In the 40 plus years of my professional career, I worked with many feminists of both sexes who encouraged and influenced my thinking. Many women leaders in social services, as in other fields, faced sexist behaviour from male colleagues as well as various types of gender discrimination. Although we worked to close the gender gap wherever and whenever we could, the pace and scope of change were slow. Much remains to be done before women achieve equal rights.

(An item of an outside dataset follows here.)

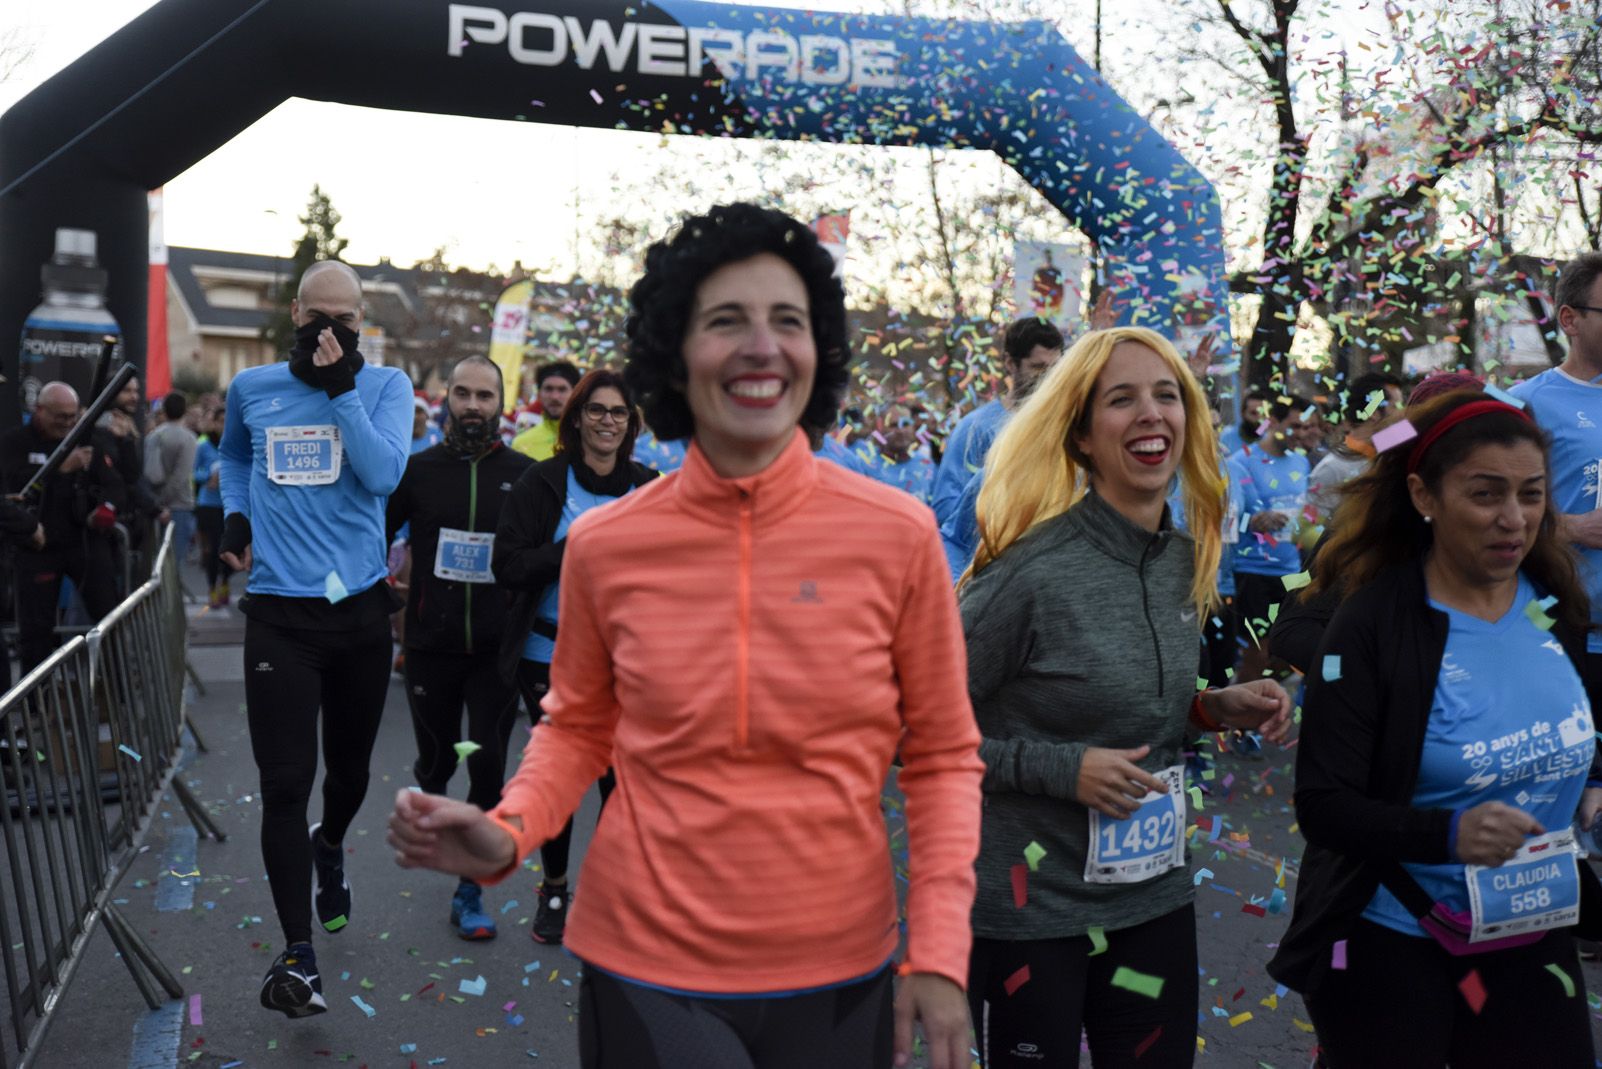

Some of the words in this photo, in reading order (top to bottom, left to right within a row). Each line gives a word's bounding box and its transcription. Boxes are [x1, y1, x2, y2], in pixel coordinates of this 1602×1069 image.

Although many young women today do no call themselves feminists, I’m encouraged to know that most of them hold progressive views of equality and women’s rights. They are unafraid to challenge stereotypes. They are impatient and less tolerant of the gender gap. Greater confidence to speak up and refusing to accept second best will advance positive change. They may not call themselves feminists, but that won’t stop the quest for women’s rights and gender equality.